The four that cover 95% of production use:

  1. Manual abort on unmount. Classic React pattern. useEffect creates a controller, returns a cleanup that calls abort(). Prevents stale setState calls after unmount. Always catch AbortError in the handler — it'll fire on every unmount.

  2. AbortSignal.timeout(ms). Static method shipped in Chrome 103 / Safari 16 / Firefox 100. Returns a signal that auto-aborts after the deadline. Cleaner than new AbortController() + setTimeout(() => controller.abort(), ms). Error name is TimeoutError, not AbortError — branch on it if you need to distinguish.

  3. AbortSignal.any([...signals]). Static method shipped in Chrome 116 / Safari 17.4 / Firefox 124. Combines multiple signals into one. Fires if ANY parent aborts. Perfect for "cancel on any of (user click, 5-second deadline, navigation away)".

  4. Don't reuse a controller across operations. This is the bug I see most. A signal is one-shot — once aborted, always aborted. A new request with an already-aborted signal rejects immediately. Scope the controller to the logical operation.

The React pattern

Combine the first pattern with the second for the one-liner every React data-fetching hook should have:

useEffect(() => {
  const controller = new AbortController();
  const signal = AbortSignal.any([
    controller.signal,
    AbortSignal.timeout(10_000),
  ]);
 
  fetch(`/api/users/${id}`, { signal })
    .then((r) => r.json())
    .then(setUser)
    .catch((err) => {
      if (err.name === "AbortError" || err.name === "TimeoutError") return;
      setError(err);
    });
 
  return () => controller.abort();
}, [id]);

Unmount cancels via the cleanup. Ten seconds elapsed and the server didn't respond? The timeout aborts. Neither case hits the error handler — both are expected cancellations.

The catch branch is load-bearing. Without it, every unmount during a pending fetch throws a "state update on unmounted component" warning (React 17) or silent error (React 18+).

Extending AbortController to your own APIs

Any async operation that might want to be cancelled should accept a signal. The contract is straightforward:

async function poll(url: string, { signal }: { signal?: AbortSignal } = {}) {
  while (!signal?.aborted) {
    const res = await fetch(url, { signal });
    const data = await res.json();
    if (data.done) return data;
    await new Promise((r) => setTimeout(r, 1000));
  }
  throw new DOMException("aborted", "AbortError");
}

Three good habits in that shape:

  • Check signal?.aborted at every iteration boundary. The signal might have flipped during your await.
  • Pass the signal down to nested fetch calls. Otherwise they can't be cancelled mid-flight.
  • Throw an AbortError DOMException when your own code bails out. Callers know that name and handle it.

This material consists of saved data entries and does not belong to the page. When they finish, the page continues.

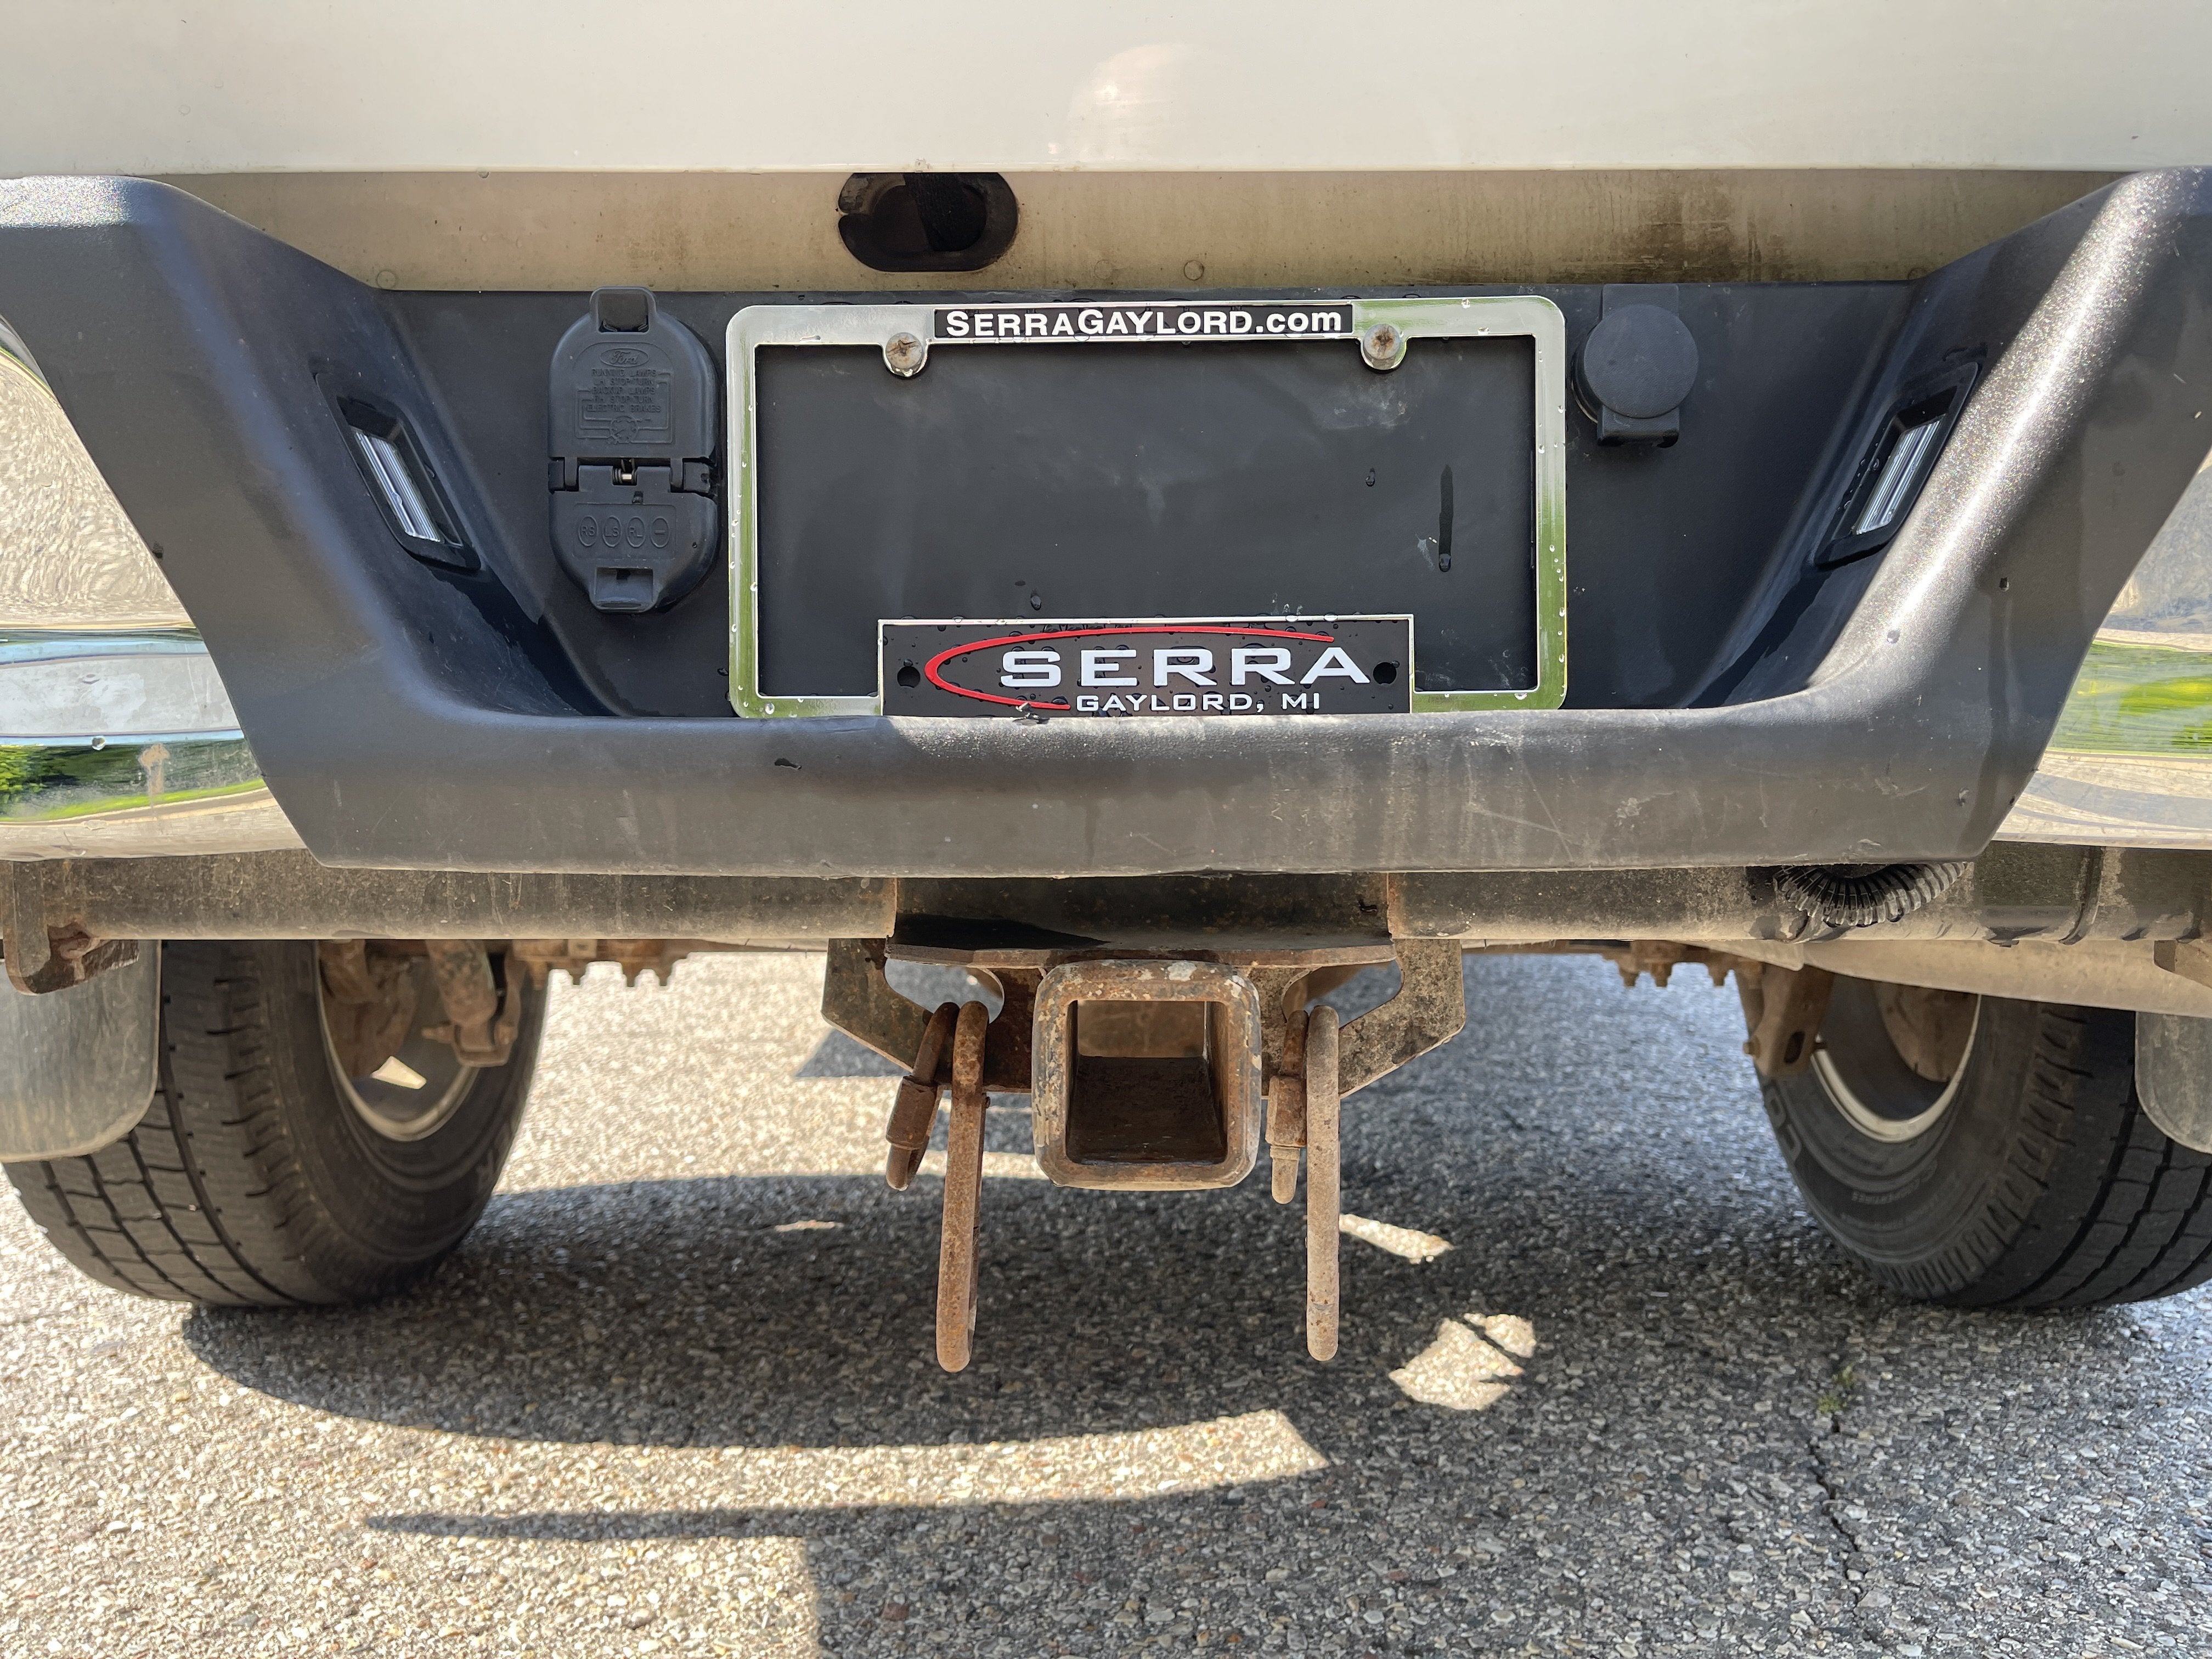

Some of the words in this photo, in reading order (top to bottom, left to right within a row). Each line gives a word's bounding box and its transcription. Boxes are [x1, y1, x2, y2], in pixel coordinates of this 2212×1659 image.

[946, 309, 1341, 336] SERRAGAYLORD.com
[610, 351, 640, 365] Ford
[630, 405, 661, 413] BRAKES
[581, 526, 596, 537] RS
[605, 526, 620, 537] LS
[629, 527, 644, 538] RL
[1000, 647, 1370, 687] SERRA
[1076, 694, 1264, 713] GAYLORD,
[1282, 693, 1319, 709] MI
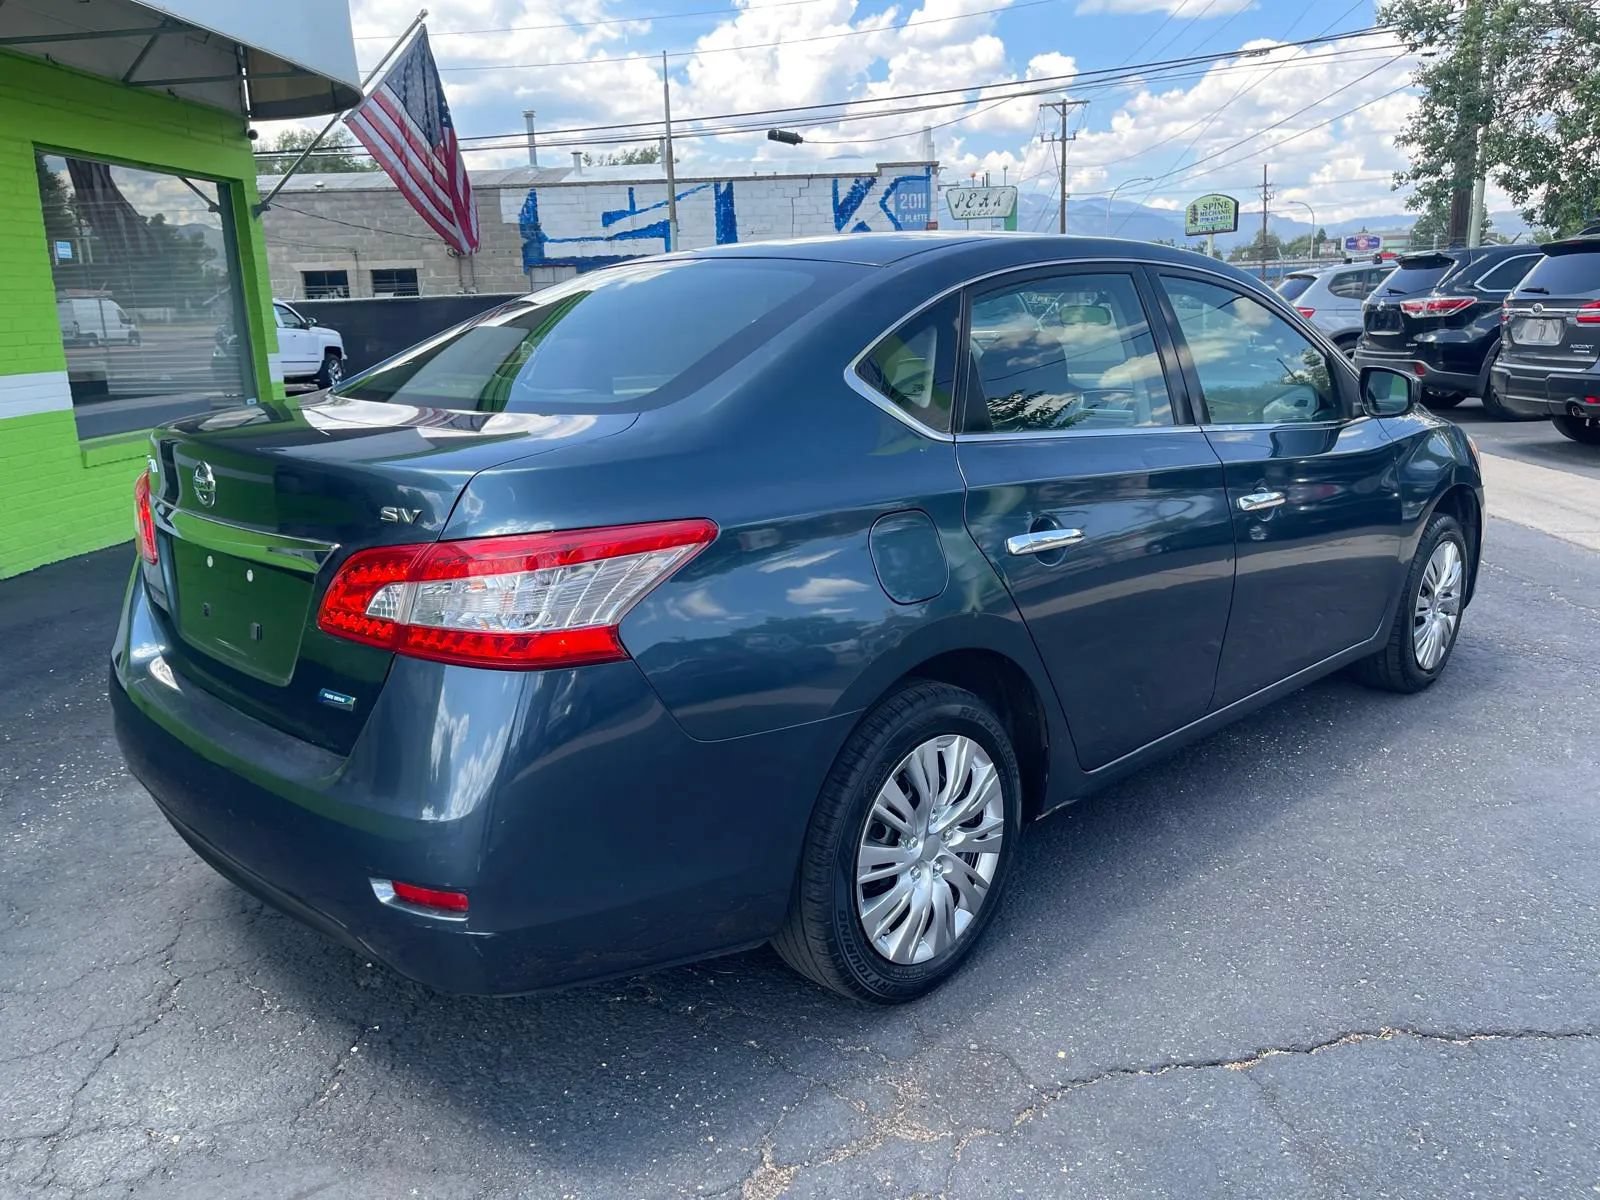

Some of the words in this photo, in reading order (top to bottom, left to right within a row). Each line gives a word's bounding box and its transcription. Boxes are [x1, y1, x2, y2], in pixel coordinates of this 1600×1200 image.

The throwIfAborted() method makes this one line cleaner:

while (!signal?.aborted) {
  signal?.throwIfAborted();
  // ... rest
}

Shipped in Chrome 100 / Safari 15.4 / Firefox 97.

The debugging checklist

When an abort-related bug shows up:

  1. Is the error name AbortError or TimeoutError? If you're conflating them, the timeout path gets handled as "user cancel" and your retry logic is wrong.
  2. Is the controller reused across operations? Run console.log(signal.aborted) before the operation; if it's already true, you're using a dead controller.
  3. Does your server log show the request arriving, then orphaning? Network-layer abort is best-effort. For write operations, build idempotency at the protocol level.
  4. Does your error boundary fire on unmount? You're missing the AbortError catch. Every fetch that can abort needs one.